[Input data — start]
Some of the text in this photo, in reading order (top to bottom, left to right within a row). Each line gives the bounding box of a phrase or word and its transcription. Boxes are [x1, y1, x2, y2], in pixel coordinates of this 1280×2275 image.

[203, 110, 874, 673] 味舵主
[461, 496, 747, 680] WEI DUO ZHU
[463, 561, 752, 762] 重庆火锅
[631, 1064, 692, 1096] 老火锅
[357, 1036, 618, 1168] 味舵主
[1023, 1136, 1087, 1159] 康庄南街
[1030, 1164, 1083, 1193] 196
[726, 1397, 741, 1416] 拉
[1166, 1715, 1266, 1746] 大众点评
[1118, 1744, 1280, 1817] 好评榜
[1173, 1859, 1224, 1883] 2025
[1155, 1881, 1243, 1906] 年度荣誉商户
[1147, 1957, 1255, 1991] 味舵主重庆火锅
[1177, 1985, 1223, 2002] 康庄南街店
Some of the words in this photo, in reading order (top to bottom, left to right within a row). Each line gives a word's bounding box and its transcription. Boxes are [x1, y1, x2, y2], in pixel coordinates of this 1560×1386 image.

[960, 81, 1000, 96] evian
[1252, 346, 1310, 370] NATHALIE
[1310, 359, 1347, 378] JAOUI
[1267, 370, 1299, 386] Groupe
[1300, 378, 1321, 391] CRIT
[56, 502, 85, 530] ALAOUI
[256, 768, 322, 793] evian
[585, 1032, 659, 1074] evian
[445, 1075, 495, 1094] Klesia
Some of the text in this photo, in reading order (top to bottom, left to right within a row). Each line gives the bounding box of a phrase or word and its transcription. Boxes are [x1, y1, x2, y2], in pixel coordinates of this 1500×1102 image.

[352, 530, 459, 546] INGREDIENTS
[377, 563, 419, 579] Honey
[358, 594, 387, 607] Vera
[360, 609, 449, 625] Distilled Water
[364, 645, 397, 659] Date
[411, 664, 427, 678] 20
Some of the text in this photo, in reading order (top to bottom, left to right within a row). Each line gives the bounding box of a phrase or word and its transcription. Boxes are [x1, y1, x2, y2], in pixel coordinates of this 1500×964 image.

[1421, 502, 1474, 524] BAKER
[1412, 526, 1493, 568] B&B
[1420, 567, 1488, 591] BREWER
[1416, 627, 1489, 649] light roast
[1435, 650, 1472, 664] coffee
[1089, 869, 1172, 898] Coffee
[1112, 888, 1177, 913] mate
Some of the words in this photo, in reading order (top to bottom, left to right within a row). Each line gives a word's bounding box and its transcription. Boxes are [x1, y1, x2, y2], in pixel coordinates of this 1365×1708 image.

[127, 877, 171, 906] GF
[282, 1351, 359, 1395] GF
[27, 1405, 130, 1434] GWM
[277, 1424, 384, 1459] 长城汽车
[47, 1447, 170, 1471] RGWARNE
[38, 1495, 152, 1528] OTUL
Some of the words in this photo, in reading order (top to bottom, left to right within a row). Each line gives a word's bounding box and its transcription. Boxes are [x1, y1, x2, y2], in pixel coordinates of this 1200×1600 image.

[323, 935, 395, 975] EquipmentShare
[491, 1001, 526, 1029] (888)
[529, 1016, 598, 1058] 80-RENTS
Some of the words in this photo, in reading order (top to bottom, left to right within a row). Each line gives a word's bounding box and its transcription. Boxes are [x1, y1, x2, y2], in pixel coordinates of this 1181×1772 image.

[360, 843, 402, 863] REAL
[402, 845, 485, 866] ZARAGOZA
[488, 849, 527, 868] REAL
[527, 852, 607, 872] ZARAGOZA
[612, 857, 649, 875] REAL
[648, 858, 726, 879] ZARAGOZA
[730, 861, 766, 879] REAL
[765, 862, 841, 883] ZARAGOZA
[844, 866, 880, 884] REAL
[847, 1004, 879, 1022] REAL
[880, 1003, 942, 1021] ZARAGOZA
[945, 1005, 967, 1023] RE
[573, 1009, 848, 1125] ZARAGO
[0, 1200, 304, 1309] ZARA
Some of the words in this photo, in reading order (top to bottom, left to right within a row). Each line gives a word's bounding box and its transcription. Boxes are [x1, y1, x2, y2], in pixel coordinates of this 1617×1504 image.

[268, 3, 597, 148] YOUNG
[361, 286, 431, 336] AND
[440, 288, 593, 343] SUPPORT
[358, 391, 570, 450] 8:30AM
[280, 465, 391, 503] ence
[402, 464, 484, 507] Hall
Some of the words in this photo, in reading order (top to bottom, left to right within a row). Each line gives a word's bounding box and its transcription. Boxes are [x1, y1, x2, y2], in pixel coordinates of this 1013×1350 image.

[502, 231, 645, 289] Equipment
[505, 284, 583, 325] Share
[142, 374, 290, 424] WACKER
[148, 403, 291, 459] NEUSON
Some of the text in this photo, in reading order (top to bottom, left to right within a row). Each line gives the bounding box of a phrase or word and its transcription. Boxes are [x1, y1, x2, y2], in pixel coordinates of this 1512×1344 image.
[Input data — finish]
Exercise details ▸
Go through the entries above and restate each one exactly.

Task answer ▸
Some of the text in this photo, in reading order (top to bottom, left to right within a row). Each line gives the bounding box of a phrase or word and its transcription. Boxes are [x1, y1, x2, y2], in pixel coordinates of this 1280×2275 image.

[203, 110, 874, 673] 味舵主
[461, 496, 747, 680] WEI DUO ZHU
[463, 561, 752, 762] 重庆火锅
[631, 1064, 692, 1096] 老火锅
[357, 1036, 618, 1168] 味舵主
[1023, 1136, 1087, 1159] 康庄南街
[1030, 1164, 1083, 1193] 196
[726, 1397, 741, 1416] 拉
[1166, 1715, 1266, 1746] 大众点评
[1118, 1744, 1280, 1817] 好评榜
[1173, 1859, 1224, 1883] 2025
[1155, 1881, 1243, 1906] 年度荣誉商户
[1147, 1957, 1255, 1991] 味舵主重庆火锅
[1177, 1985, 1223, 2002] 康庄南街店
Some of the words in this photo, in reading order (top to bottom, left to right within a row). Each line gives a word's bounding box and its transcription. Boxes are [x1, y1, x2, y2], in pixel coordinates of this 1560×1386 image.

[960, 81, 1000, 96] evian
[1252, 346, 1310, 370] NATHALIE
[1310, 359, 1347, 378] JAOUI
[1267, 370, 1299, 386] Groupe
[1300, 378, 1321, 391] CRIT
[56, 502, 85, 530] ALAOUI
[256, 768, 322, 793] evian
[585, 1032, 659, 1074] evian
[445, 1075, 495, 1094] Klesia
Some of the text in this photo, in reading order (top to bottom, left to right within a row). Each line gives the bounding box of a phrase or word and its transcription. Boxes are [x1, y1, x2, y2], in pixel coordinates of this 1500×1102 image.

[352, 530, 459, 546] INGREDIENTS
[377, 563, 419, 579] Honey
[358, 594, 387, 607] Vera
[360, 609, 449, 625] Distilled Water
[364, 645, 397, 659] Date
[411, 664, 427, 678] 20
Some of the text in this photo, in reading order (top to bottom, left to right within a row). Each line gives the bounding box of a phrase or word and its transcription. Boxes are [x1, y1, x2, y2], in pixel coordinates of this 1500×964 image.

[1421, 502, 1474, 524] BAKER
[1412, 526, 1493, 568] B&B
[1420, 567, 1488, 591] BREWER
[1416, 627, 1489, 649] light roast
[1435, 650, 1472, 664] coffee
[1089, 869, 1172, 898] Coffee
[1112, 888, 1177, 913] mate
Some of the words in this photo, in reading order (top to bottom, left to right within a row). Each line gives a word's bounding box and its transcription. Boxes are [x1, y1, x2, y2], in pixel coordinates of this 1365×1708 image.

[127, 877, 171, 906] GF
[282, 1351, 359, 1395] GF
[27, 1405, 130, 1434] GWM
[277, 1424, 384, 1459] 长城汽车
[47, 1447, 170, 1471] RGWARNE
[38, 1495, 152, 1528] OTUL
Some of the words in this photo, in reading order (top to bottom, left to right within a row). Each line gives a word's bounding box and its transcription. Boxes are [x1, y1, x2, y2], in pixel coordinates of this 1200×1600 image.

[323, 935, 395, 975] EquipmentShare
[491, 1001, 526, 1029] (888)
[529, 1016, 598, 1058] 80-RENTS
Some of the words in this photo, in reading order (top to bottom, left to right within a row). Each line gives a word's bounding box and its transcription. Boxes are [x1, y1, x2, y2], in pixel coordinates of this 1181×1772 image.

[360, 843, 402, 863] REAL
[402, 845, 485, 866] ZARAGOZA
[488, 849, 527, 868] REAL
[527, 852, 607, 872] ZARAGOZA
[612, 857, 649, 875] REAL
[648, 858, 726, 879] ZARAGOZA
[730, 861, 766, 879] REAL
[765, 862, 841, 883] ZARAGOZA
[844, 866, 880, 884] REAL
[847, 1004, 879, 1022] REAL
[880, 1003, 942, 1021] ZARAGOZA
[945, 1005, 967, 1023] RE
[573, 1009, 848, 1125] ZARAGO
[0, 1200, 304, 1309] ZARA
Some of the words in this photo, in reading order (top to bottom, left to right within a row). Each line gives a word's bounding box and its transcription. Boxes are [x1, y1, x2, y2], in pixel coordinates of this 1617×1504 image.

[268, 3, 597, 148] YOUNG
[361, 286, 431, 336] AND
[440, 288, 593, 343] SUPPORT
[358, 391, 570, 450] 8:30AM
[280, 465, 391, 503] ence
[402, 464, 484, 507] Hall
Some of the words in this photo, in reading order (top to bottom, left to right within a row). Each line gives a word's bounding box and its transcription. Boxes are [x1, y1, x2, y2], in pixel coordinates of this 1013×1350 image.

[502, 231, 645, 289] Equipment
[505, 284, 583, 325] Share
[142, 374, 290, 424] WACKER
[148, 403, 291, 459] NEUSON
Some of the text in this photo, in reading order (top to bottom, left to right within a row). Each line gives the bounding box of a phrase or word and its transcription. Boxes are [x1, y1, x2, y2], in pixel coordinates of this 1512×1344 image.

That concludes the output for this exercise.